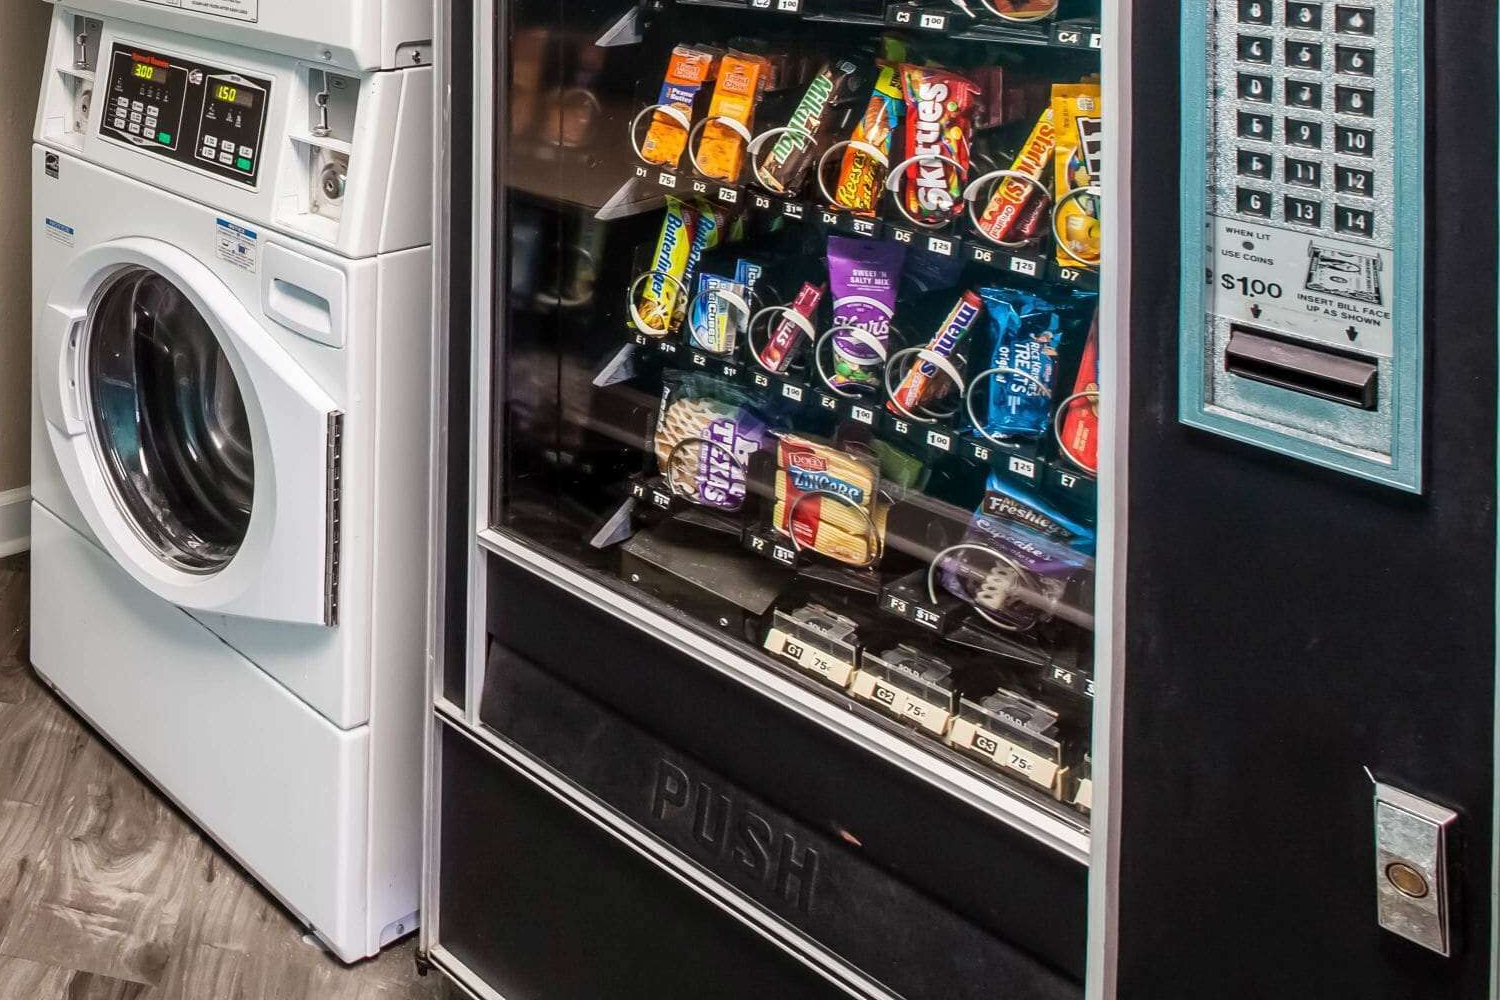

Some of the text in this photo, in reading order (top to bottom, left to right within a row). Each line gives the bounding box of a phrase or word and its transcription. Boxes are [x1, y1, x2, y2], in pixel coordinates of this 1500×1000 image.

[1251, 3, 1262, 17] B
[896, 12, 910, 23] C3
[1058, 32, 1078, 44] C4
[1251, 41, 1262, 55] C
[1352, 53, 1363, 67] 6
[1251, 80, 1262, 94] D
[1351, 94, 1363, 108] 8
[1300, 125, 1310, 140] 9
[1347, 131, 1366, 148] 10
[636, 167, 647, 178] D1
[1296, 164, 1315, 180] 11
[1347, 173, 1365, 189] 12
[693, 183, 706, 193] D2
[756, 198, 769, 208] D3
[823, 213, 838, 224] D4
[1296, 203, 1314, 220] 13
[1347, 211, 1366, 228] 14
[895, 230, 911, 243] D5
[1225, 226, 1271, 241] WHEN LIT
[974, 249, 992, 262] D6
[1221, 249, 1275, 266] USE COINS
[850, 276, 890, 286] SALTY MIX
[1060, 268, 1080, 282] D7
[1297, 293, 1391, 320] INSERT BILL FACE
[1306, 304, 1381, 327] UP AS SHOWN
[635, 335, 647, 345] E1
[693, 355, 707, 366] E2
[755, 375, 768, 386] E3
[822, 397, 836, 408] E4
[895, 422, 909, 434] E5
[974, 447, 989, 460] E6
[1061, 476, 1077, 488] E7
[633, 485, 643, 497] F1
[752, 538, 764, 550] F2
[890, 598, 906, 613] F3
[787, 643, 803, 659] G1
[1053, 667, 1073, 685] F4
[876, 687, 894, 702] G2
[976, 735, 997, 752] G3
[650, 758, 819, 913] PUSH

YOUR TASK →
Without any pictures, transcribe the listing above exactly as written.

TASK RESULT →
Some of the text in this photo, in reading order (top to bottom, left to right within a row). Each line gives the bounding box of a phrase or word and its transcription. Boxes are [x1, y1, x2, y2], in pixel coordinates of this 1500×1000 image.

[1251, 3, 1262, 17] B
[896, 12, 910, 23] C3
[1058, 32, 1078, 44] C4
[1251, 41, 1262, 55] C
[1352, 53, 1363, 67] 6
[1251, 80, 1262, 94] D
[1351, 94, 1363, 108] 8
[1300, 125, 1310, 140] 9
[1347, 131, 1366, 148] 10
[636, 167, 647, 178] D1
[1296, 164, 1315, 180] 11
[1347, 173, 1365, 189] 12
[693, 183, 706, 193] D2
[756, 198, 769, 208] D3
[823, 213, 838, 224] D4
[1296, 203, 1314, 220] 13
[1347, 211, 1366, 228] 14
[895, 230, 911, 243] D5
[1225, 226, 1271, 241] WHEN LIT
[974, 249, 992, 262] D6
[1221, 249, 1275, 266] USE COINS
[850, 276, 890, 286] SALTY MIX
[1060, 268, 1080, 282] D7
[1297, 293, 1391, 320] INSERT BILL FACE
[1306, 304, 1381, 327] UP AS SHOWN
[635, 335, 647, 345] E1
[693, 355, 707, 366] E2
[755, 375, 768, 386] E3
[822, 397, 836, 408] E4
[895, 422, 909, 434] E5
[974, 447, 989, 460] E6
[1061, 476, 1077, 488] E7
[633, 485, 643, 497] F1
[752, 538, 764, 550] F2
[890, 598, 906, 613] F3
[787, 643, 803, 659] G1
[1053, 667, 1073, 685] F4
[876, 687, 894, 702] G2
[976, 735, 997, 752] G3
[650, 758, 819, 913] PUSH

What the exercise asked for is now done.